Mediante la optimización de vectores para la expresión periplásmica de proteínas en E. Coli, los inventores generaron construcciones plasmídicas que permitían una producción de proteínas solubles sin marca en matraces agitados convencionales y también en cultivos de alta densidad. Se consiguió purificación adicional usando una columna de inmunoafinidad con un anticuerpo anti-IL15.

Caracterización in vitro:

Se comprobó que la proteína 206RLI aislada se unió a CD206 humano y de murino con alta afinidad, lo que confirma que la proteína de fusión recombinante conserva las propiedades de unión a la diana. La funcionalidad de la unidad IL15 se había comprobado en ensayos de proliferación de linfocitos T, mostrando potentes efectos inductores del crecimiento en linfocitos T tanto humanos como murinos que superaban los de la IL15 purificada natural (Fig. 2).

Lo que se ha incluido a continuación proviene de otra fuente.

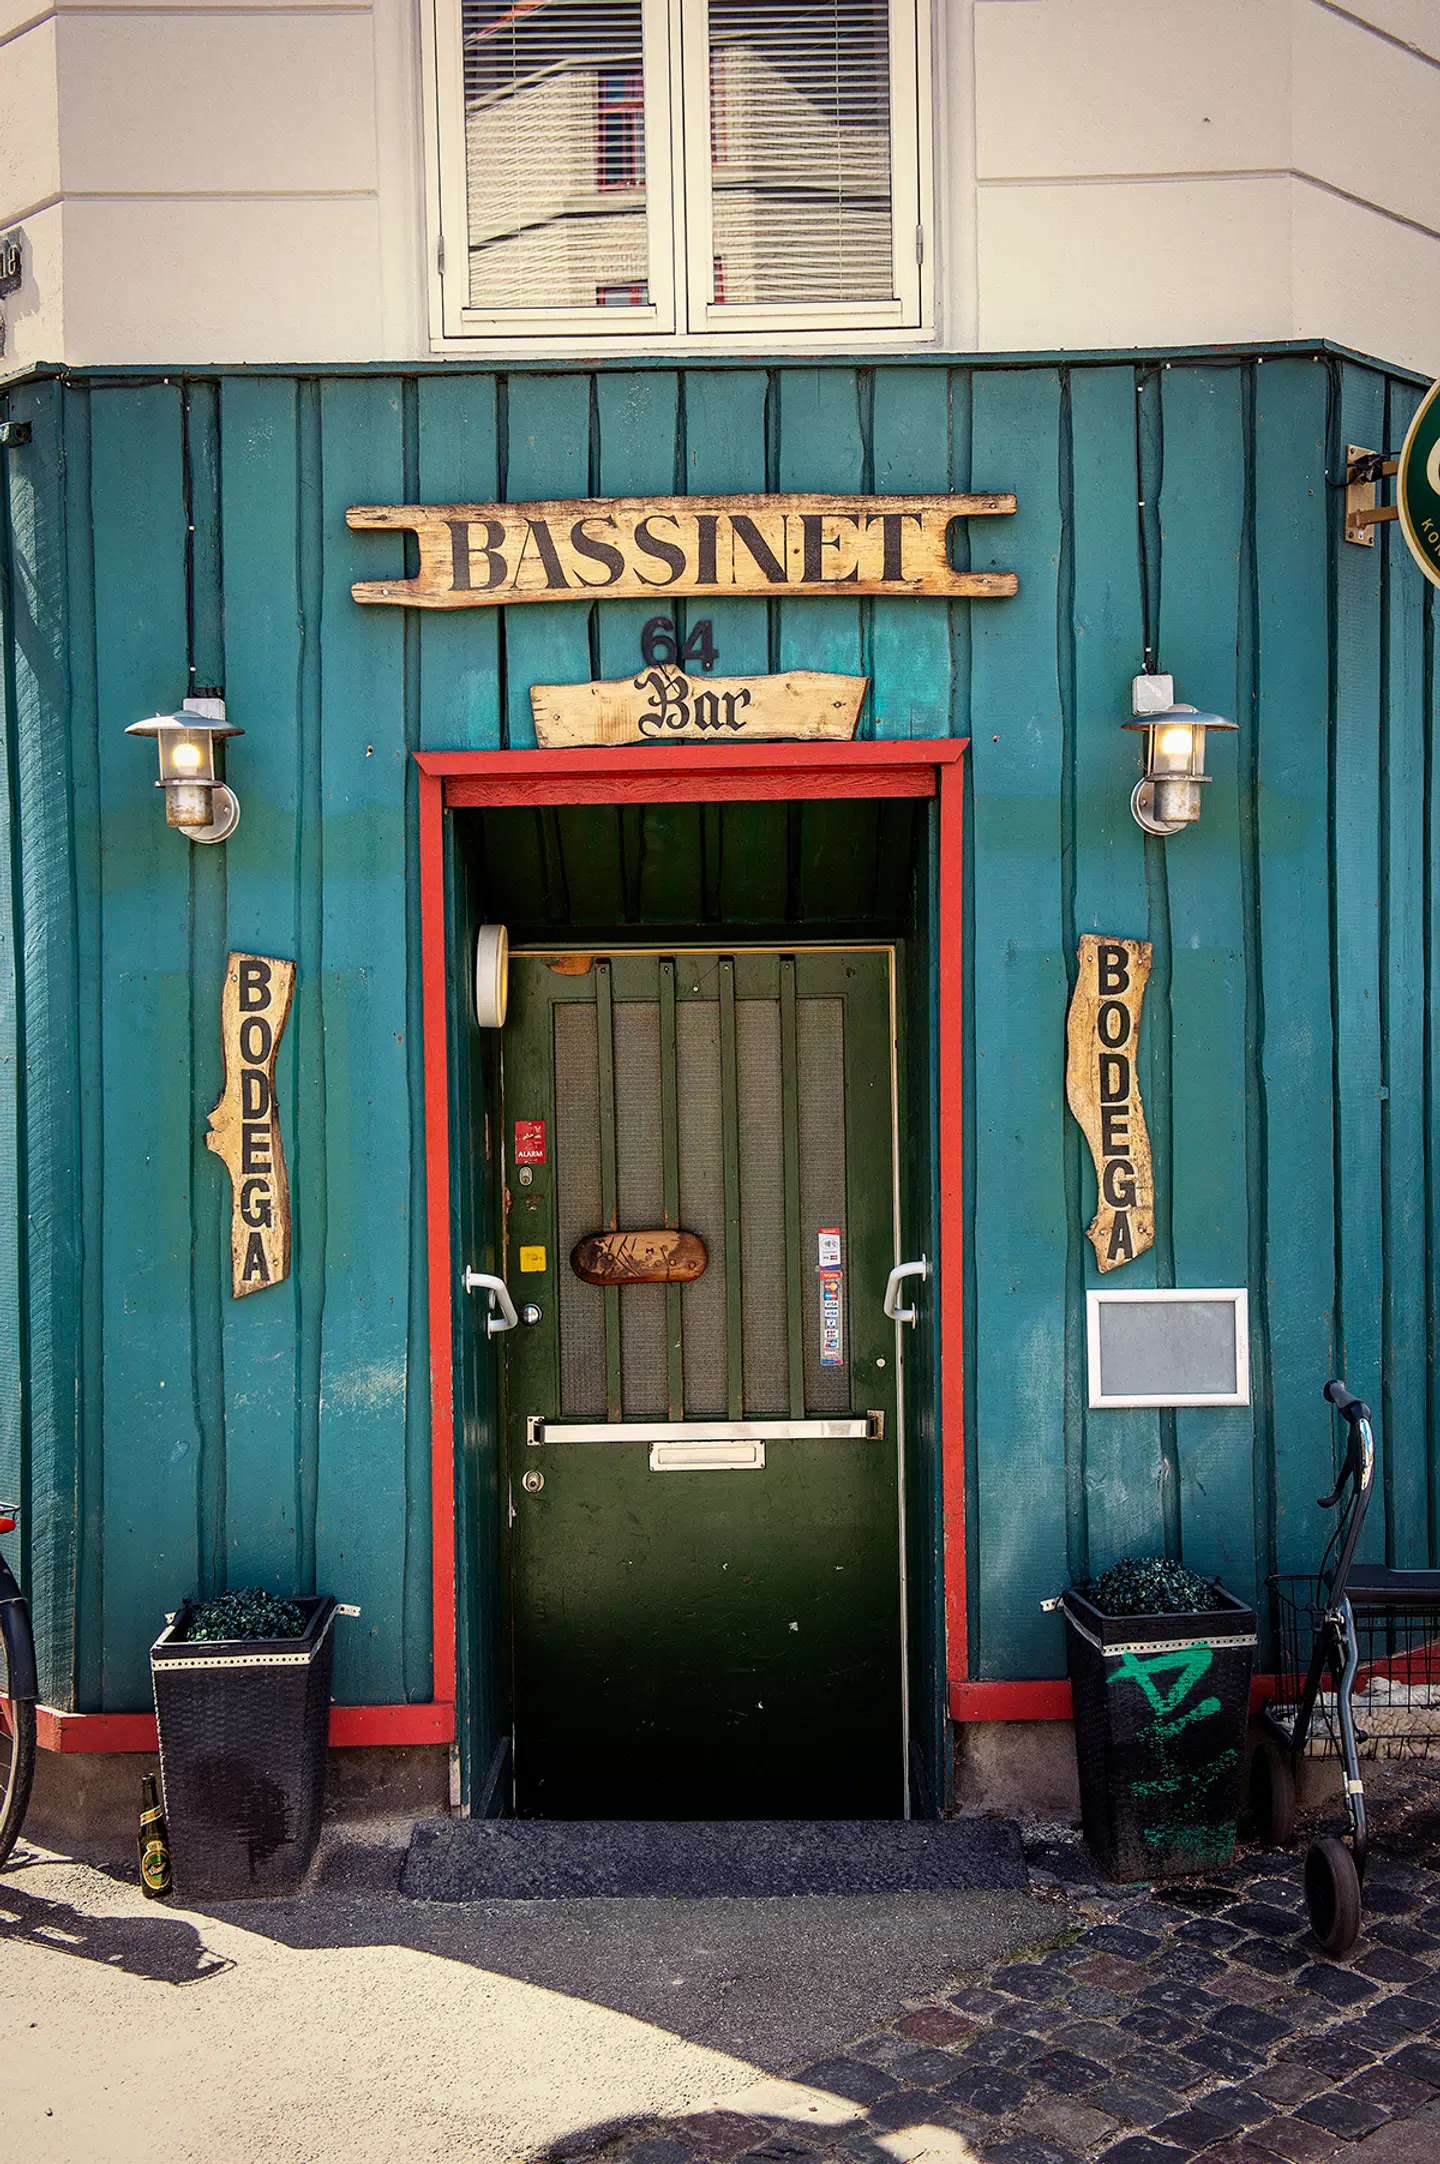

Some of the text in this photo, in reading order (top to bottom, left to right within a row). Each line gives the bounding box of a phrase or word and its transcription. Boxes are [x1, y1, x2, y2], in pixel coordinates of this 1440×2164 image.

[444, 513, 922, 592] BASSINET
[641, 616, 719, 671] 64
[634, 671, 751, 737] Bar
[238, 959, 273, 1282] BODEGA
[1097, 945, 1137, 1261] BODEGA
[518, 1150, 543, 1158] ALARM
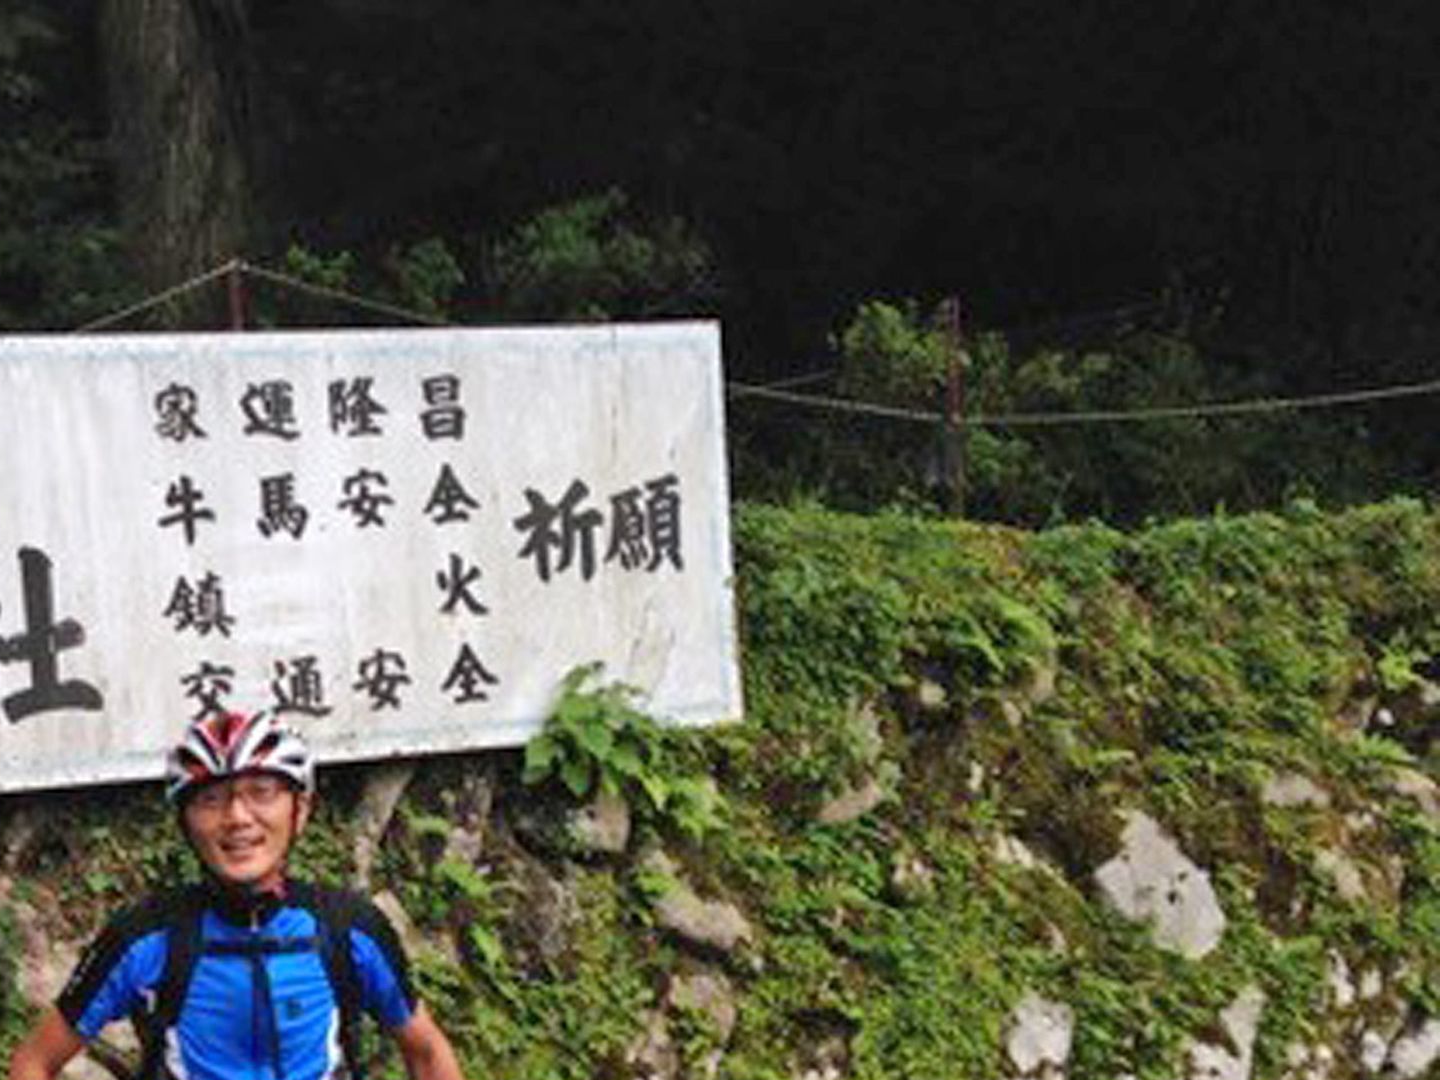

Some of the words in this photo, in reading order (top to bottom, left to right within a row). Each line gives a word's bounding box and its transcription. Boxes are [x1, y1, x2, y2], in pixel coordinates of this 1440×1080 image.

[154, 373, 467, 443] 家運隆昌
[158, 463, 481, 545] 牛馬安全
[514, 473, 685, 583] 祈願
[180, 643, 500, 721] 交通安全

Experimentos terapéuticos in vivo:

La eficacia terapéutica de la proteína 206RLI se evaluó en experimentos preliminares en modelos murinos de mieloma y melanoma.

Claims

REIVINDICACIONES

1. Una proteína de fusión que comprende un agente inmunoestimulador fusionado a una unidad de direccionamiento que dirige dicho agente inmunoestimulador a un macrófago asociado a tumor, en la que el agente inmunoestimulador es IL-15 o IL15-IL15Ra, y en la que dicha unidad de direccionamiento es una proteína de unión a antígeno que se une específicamente a CD206, FOLR2, LGMN, CD204, CD163 o CD301.

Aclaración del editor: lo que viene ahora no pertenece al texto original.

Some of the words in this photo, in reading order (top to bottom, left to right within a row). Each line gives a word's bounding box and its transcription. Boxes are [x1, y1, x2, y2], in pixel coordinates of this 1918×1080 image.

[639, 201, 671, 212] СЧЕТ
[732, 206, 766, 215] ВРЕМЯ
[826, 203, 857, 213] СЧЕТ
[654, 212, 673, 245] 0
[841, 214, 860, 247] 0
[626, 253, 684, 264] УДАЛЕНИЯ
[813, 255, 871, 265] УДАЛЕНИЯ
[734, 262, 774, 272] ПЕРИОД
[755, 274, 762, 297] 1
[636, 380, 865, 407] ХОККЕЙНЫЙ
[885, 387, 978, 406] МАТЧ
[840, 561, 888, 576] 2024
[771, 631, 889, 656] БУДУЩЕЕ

2. La proteína de fusión de la reivindicación 1, en la que dicha unidad de direccionamiento es una proteína de unión a antígeno que se une específicamente a CD206.

3. La proteína de fusión de la reivindicación 2, en la que dicha proteína de unión a antígeno se selecciona entre el grupo que consiste en un dominio variable único de inmunoglobulina y un fragmento variable monocatenario (scFv).

4. La proteína de fusión de la reivindicación 3, en la que dicho dominio variable único de inmunoglobulina es un nanocuerpo.

5. La proteína de fusión de la reivindicación 4, en la que dicho nanocuerpo se une a CD206.

6. Un ácido nucleico que codifica el polipéptido de fusión de acuerdo con una cualquiera de las reivindicaciones 1 a 5.

7. Una composición farmacéutica que comprende la proteína de fusión de acuerdo con cualquiera de las reivindicaciones 1 a 5.

8. La proteína de fusión de acuerdo con una cualquiera de las reivindicaciones 1 a 5 para su uso en el tratamiento del cáncer.

9. La proteína de fusión de acuerdo con una cualquiera de las reivindicaciones 1 a 5 para su uso en el tratamiento del cáncer de pulmón, cáncer de mama, cáncer de páncreas, cáncer de próstata, melanoma o mieloma múltiple.

10. La proteína de fusión de acuerdo con una cualquiera de las reivindicaciones 1 a 5 para su uso en el tratamiento del melanoma o mieloma múltiple.